* [TASK INSTRUCTIONS]: Leave out the pictures and repeat everything else in the records exactly.

┌─ INFORMATION

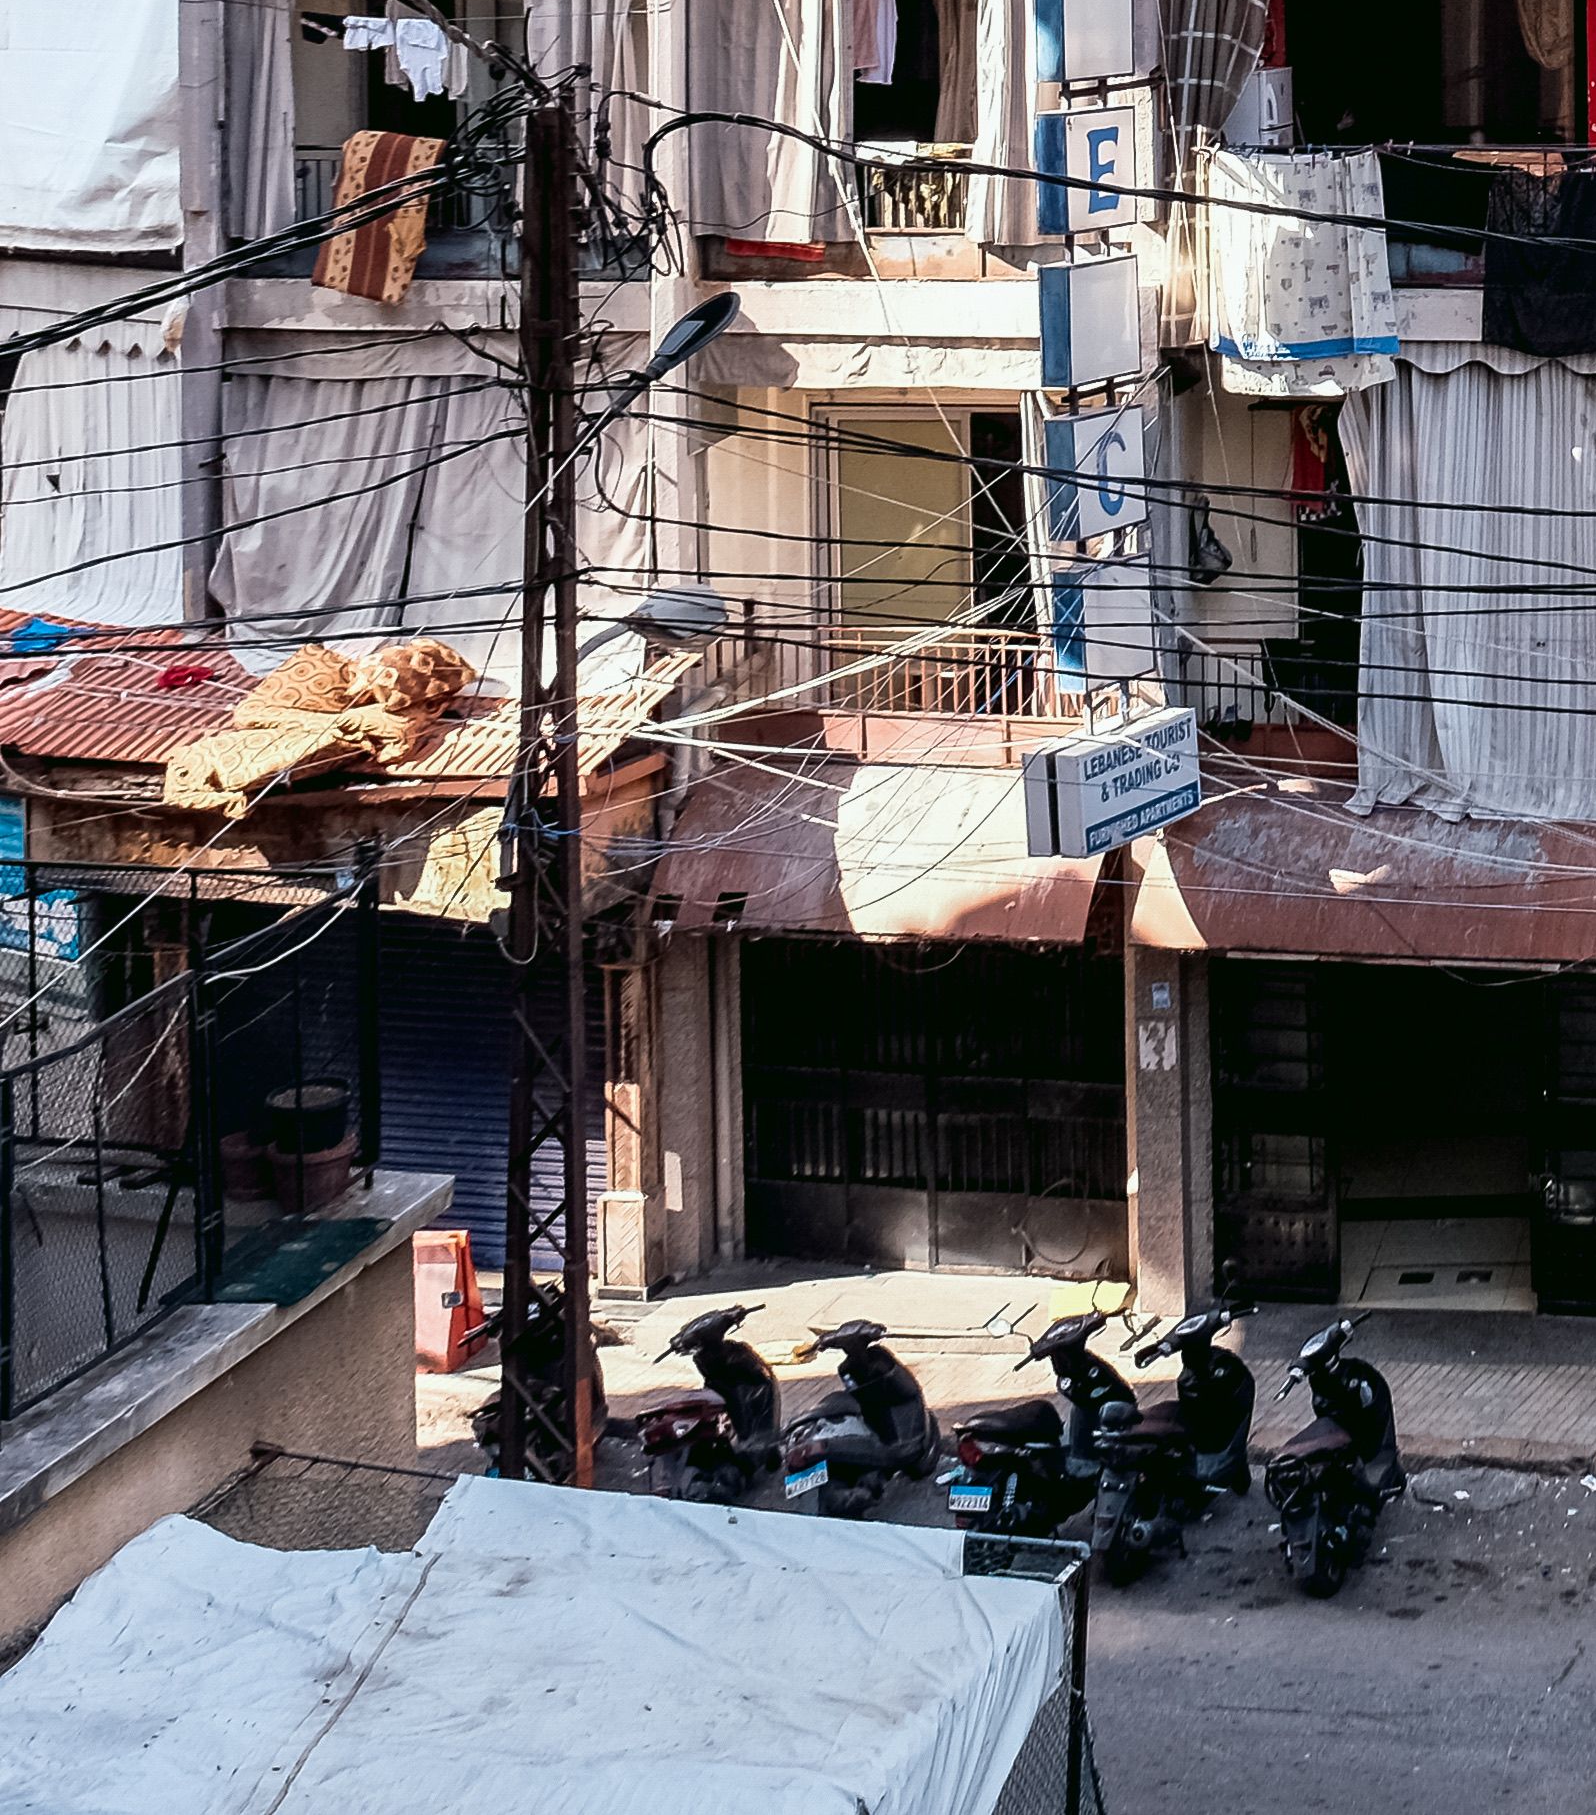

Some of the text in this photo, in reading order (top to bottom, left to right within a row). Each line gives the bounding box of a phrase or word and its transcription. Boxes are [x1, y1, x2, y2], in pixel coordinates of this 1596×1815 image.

[1088, 126, 1119, 215] E
[1096, 431, 1127, 517] C
[1084, 718, 1192, 781] LEBANESE TOURIST
[1100, 781, 1110, 803] &
[1113, 762, 1162, 796] TRADING
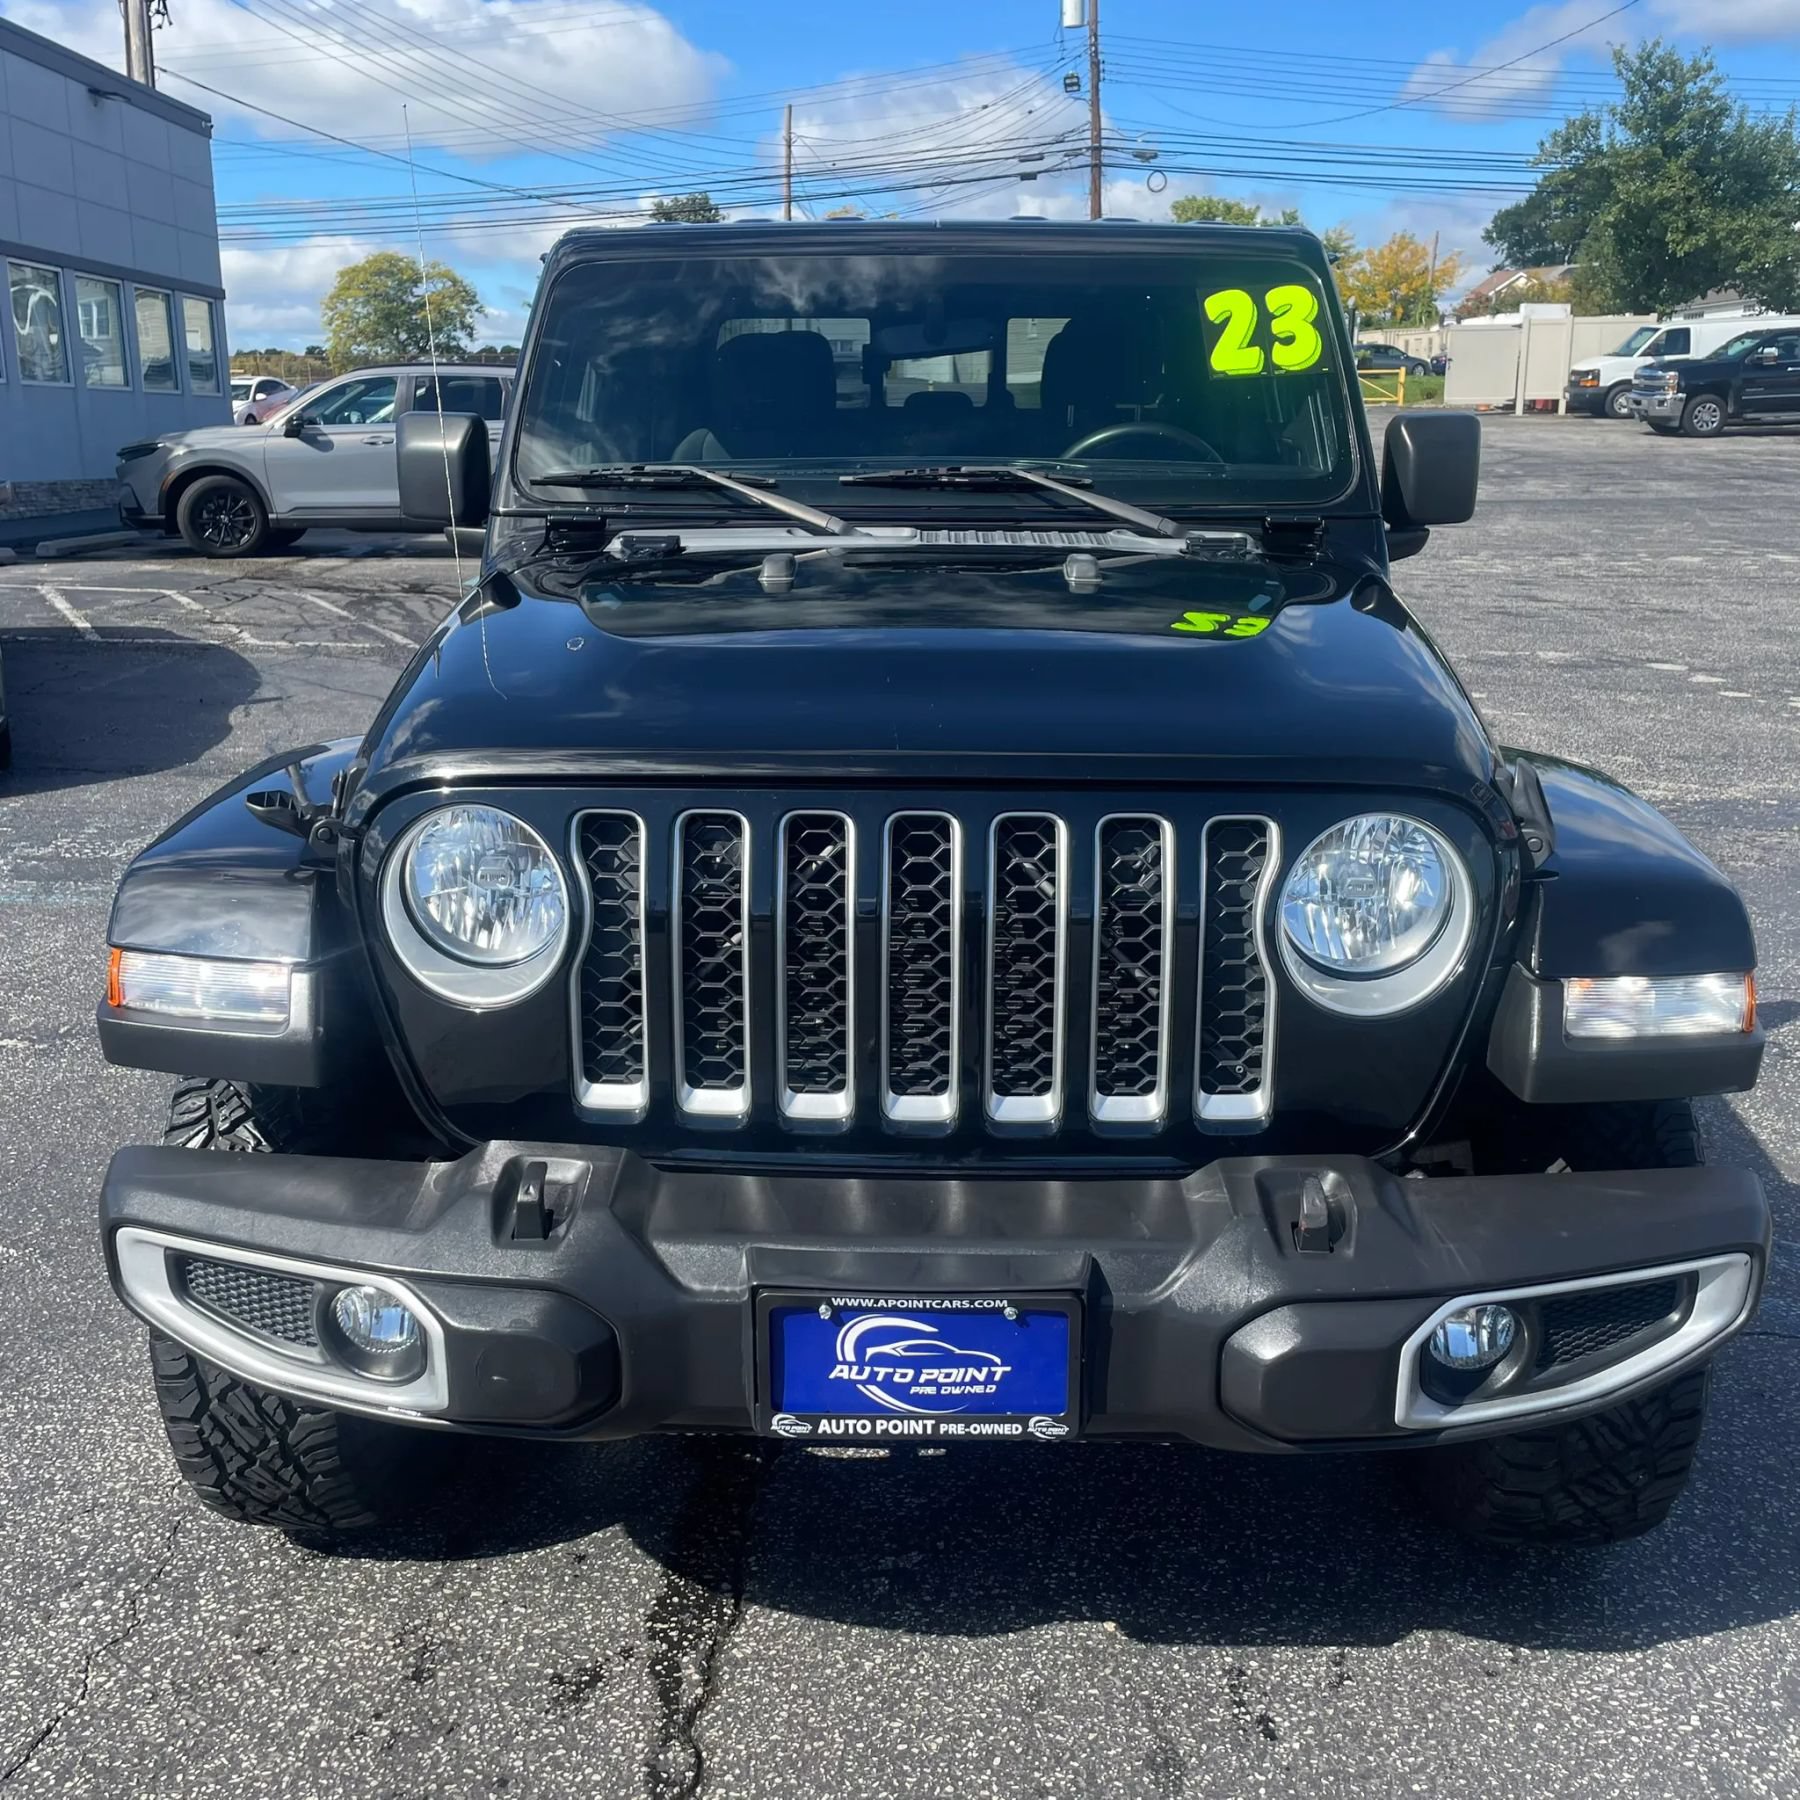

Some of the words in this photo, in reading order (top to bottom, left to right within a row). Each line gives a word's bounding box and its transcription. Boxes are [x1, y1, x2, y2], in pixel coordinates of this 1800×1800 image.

[1204, 284, 1322, 375] 23
[831, 1297, 1008, 1309] WWW.APOINTCARS.COM
[828, 1364, 914, 1383] AUTO
[918, 1366, 1012, 1384] POINT
[909, 1386, 938, 1395] PRE
[940, 1384, 997, 1395] OWNED
[818, 1419, 872, 1434] AUTO
[876, 1419, 936, 1434] POINT
[940, 1423, 1022, 1435] PRE-OWNED
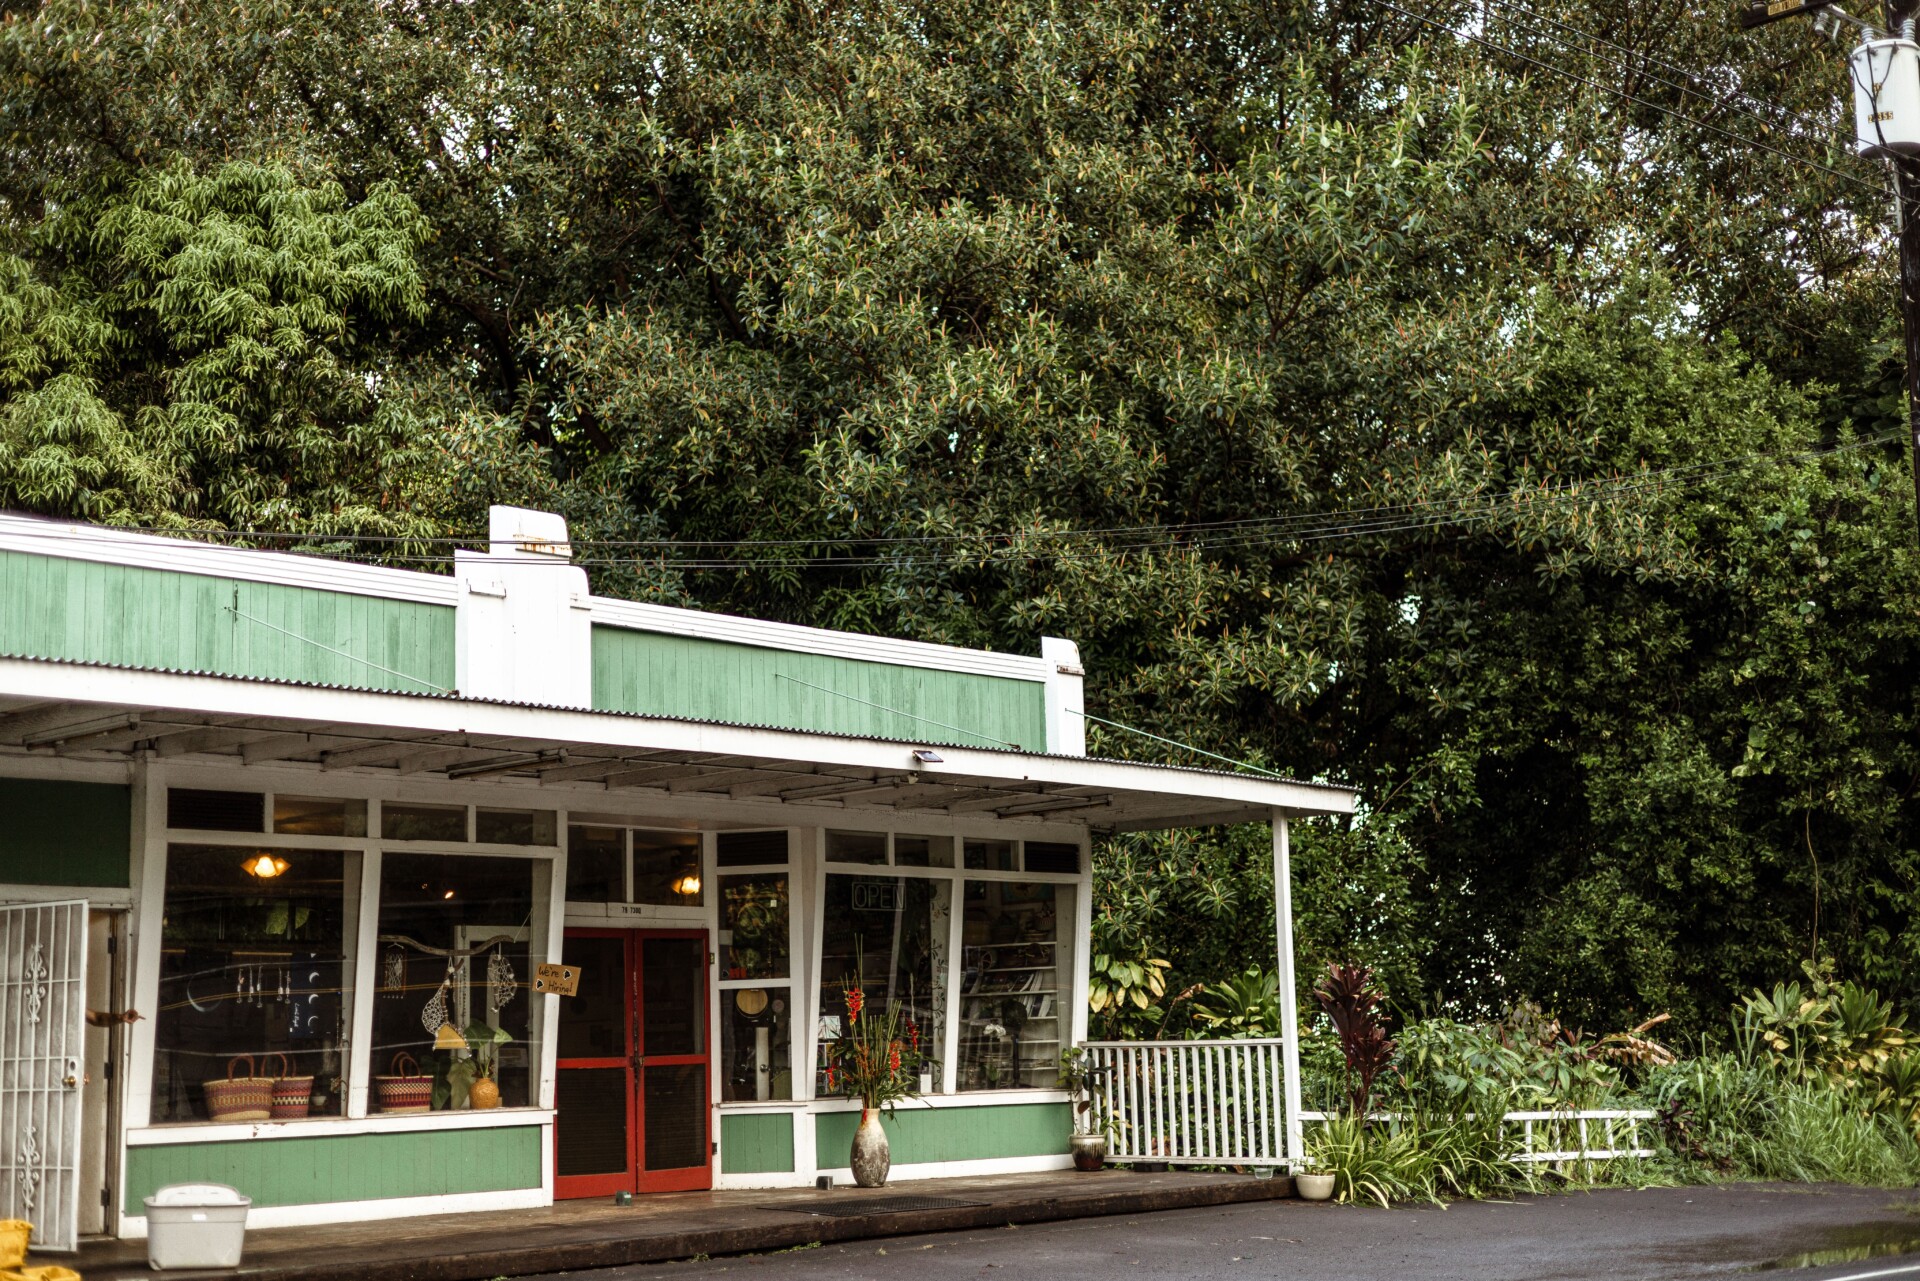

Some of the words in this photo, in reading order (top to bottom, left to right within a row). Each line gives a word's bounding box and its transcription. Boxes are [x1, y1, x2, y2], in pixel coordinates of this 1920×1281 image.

[1868, 111, 1893, 123] 2355
[855, 885, 904, 909] OPEN
[538, 966, 559, 977] We're
[548, 981, 573, 994] Hiring!

└─

* [SOLVED EXERCISE]:
Some of the text in this photo, in reading order (top to bottom, left to right within a row). Each line gives the bounding box of a phrase or word and its transcription. Boxes are [x1, y1, x2, y2], in pixel coordinates of this 1596×1815 image.

[1088, 126, 1119, 215] E
[1096, 431, 1127, 517] C
[1084, 718, 1192, 781] LEBANESE TOURIST
[1100, 781, 1110, 803] &
[1113, 762, 1162, 796] TRADING

Some of the words in this photo, in reading order (top to bottom, left to right within a row). Each line gives a word's bounding box and its transcription. Boxes are [x1, y1, x2, y2], in pixel coordinates of this 1800×1800 image.

[1204, 284, 1322, 375] 23
[831, 1297, 1008, 1309] WWW.APOINTCARS.COM
[828, 1364, 914, 1383] AUTO
[918, 1366, 1012, 1384] POINT
[909, 1386, 938, 1395] PRE
[940, 1384, 997, 1395] OWNED
[818, 1419, 872, 1434] AUTO
[876, 1419, 936, 1434] POINT
[940, 1423, 1022, 1435] PRE-OWNED

Some of the words in this photo, in reading order (top to bottom, left to right within a row). Each line gives a word's bounding box and its transcription. Boxes are [x1, y1, x2, y2], in pixel coordinates of this 1920×1281 image.

[1868, 111, 1893, 123] 2355
[855, 885, 904, 909] OPEN
[538, 966, 559, 977] We're
[548, 981, 573, 994] Hiring!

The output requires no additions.